● Instructions to follow
Set down each record below exactly as it stands. Pictures are not part of the copy.

● Stored dataset items
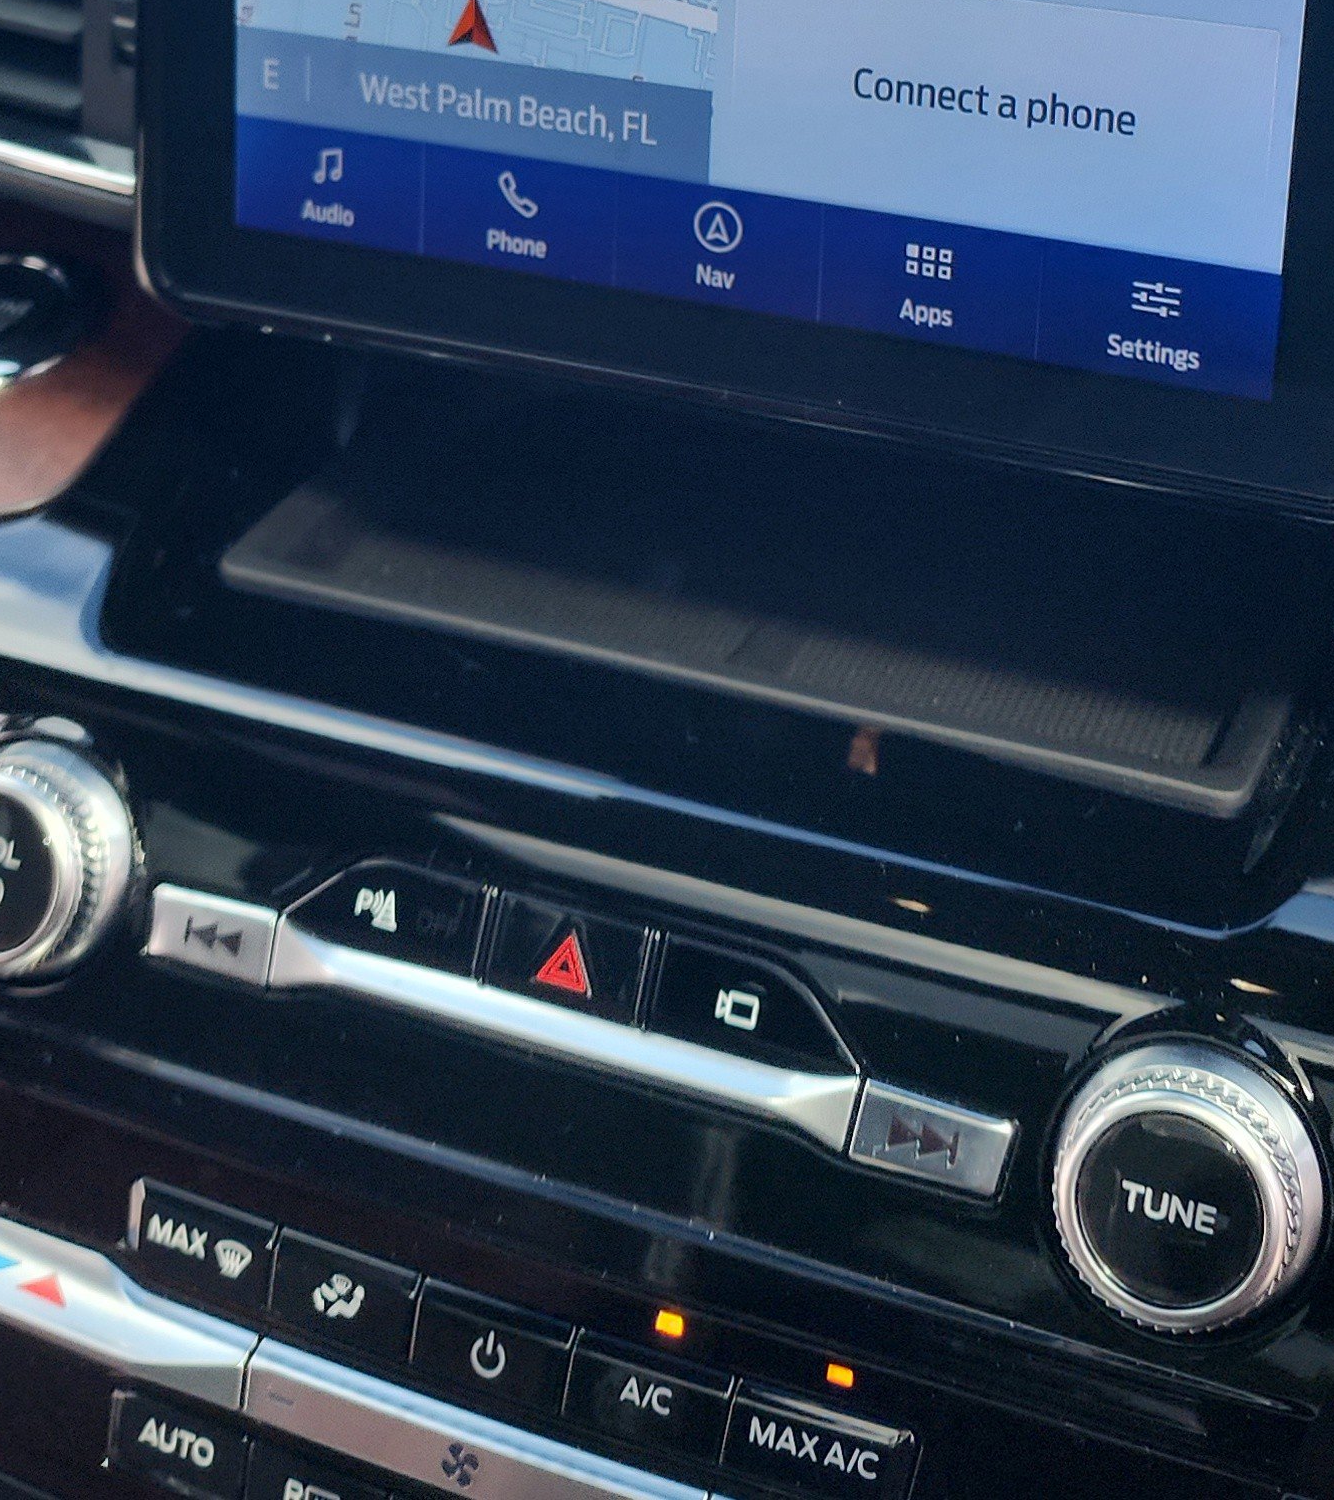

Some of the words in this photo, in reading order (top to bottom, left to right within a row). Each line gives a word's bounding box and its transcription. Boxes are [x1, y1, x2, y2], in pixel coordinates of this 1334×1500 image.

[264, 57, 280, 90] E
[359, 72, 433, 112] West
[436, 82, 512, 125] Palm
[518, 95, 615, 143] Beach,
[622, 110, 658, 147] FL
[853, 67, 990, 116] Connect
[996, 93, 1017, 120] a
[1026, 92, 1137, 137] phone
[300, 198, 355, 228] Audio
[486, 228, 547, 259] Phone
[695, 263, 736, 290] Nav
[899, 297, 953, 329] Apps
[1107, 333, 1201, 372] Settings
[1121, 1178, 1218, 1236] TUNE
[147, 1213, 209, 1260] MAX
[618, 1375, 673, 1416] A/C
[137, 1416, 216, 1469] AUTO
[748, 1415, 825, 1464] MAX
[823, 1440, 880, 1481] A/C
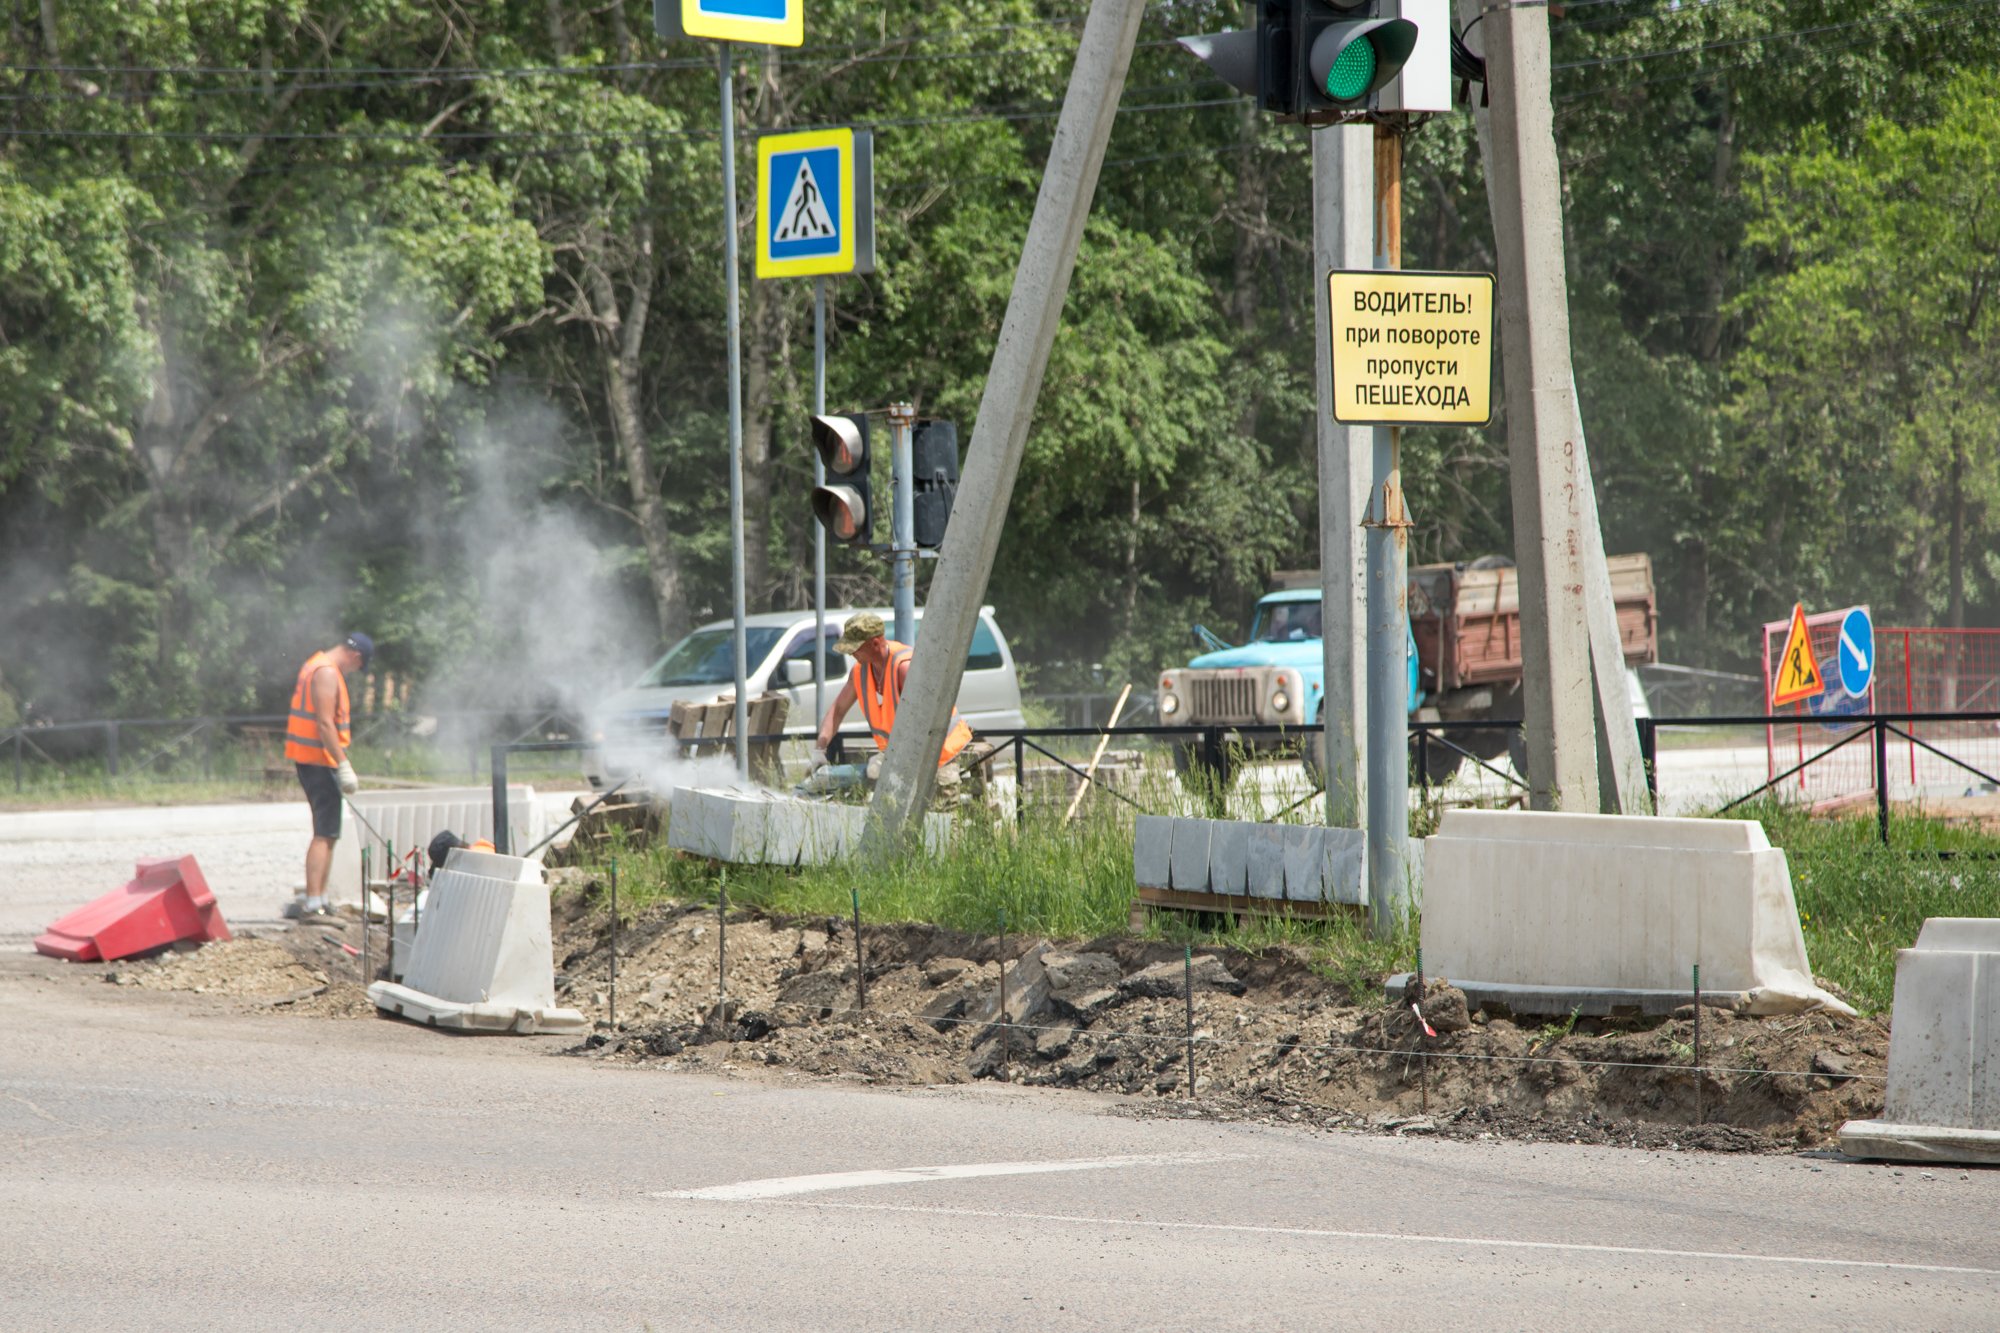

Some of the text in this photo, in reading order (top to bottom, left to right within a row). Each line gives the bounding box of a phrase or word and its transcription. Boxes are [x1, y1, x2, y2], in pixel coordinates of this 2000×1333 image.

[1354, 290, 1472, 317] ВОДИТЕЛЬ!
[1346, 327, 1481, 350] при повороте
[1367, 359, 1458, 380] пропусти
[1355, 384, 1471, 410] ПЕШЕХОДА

● Completed exercise
Some of the words in this photo, in reading order (top to bottom, left to right within a row). Each line gives a word's bounding box and its transcription. Boxes are [x1, y1, x2, y2], in pixel coordinates of this 1334×1500 image.

[264, 57, 280, 90] E
[359, 72, 433, 112] West
[436, 82, 512, 125] Palm
[518, 95, 615, 143] Beach,
[622, 110, 658, 147] FL
[853, 67, 990, 116] Connect
[996, 93, 1017, 120] a
[1026, 92, 1137, 137] phone
[300, 198, 355, 228] Audio
[486, 228, 547, 259] Phone
[695, 263, 736, 290] Nav
[899, 297, 953, 329] Apps
[1107, 333, 1201, 372] Settings
[1121, 1178, 1218, 1236] TUNE
[147, 1213, 209, 1260] MAX
[618, 1375, 673, 1416] A/C
[137, 1416, 216, 1469] AUTO
[748, 1415, 825, 1464] MAX
[823, 1440, 880, 1481] A/C

Some of the text in this photo, in reading order (top to bottom, left to right within a row). Each line gives the bounding box of a phrase or word and its transcription. Boxes are [x1, y1, x2, y2], in pixel coordinates of this 2000×1333 image.

[1354, 290, 1472, 317] ВОДИТЕЛЬ!
[1346, 327, 1481, 350] при повороте
[1367, 359, 1458, 380] пропусти
[1355, 384, 1471, 410] ПЕШЕХОДА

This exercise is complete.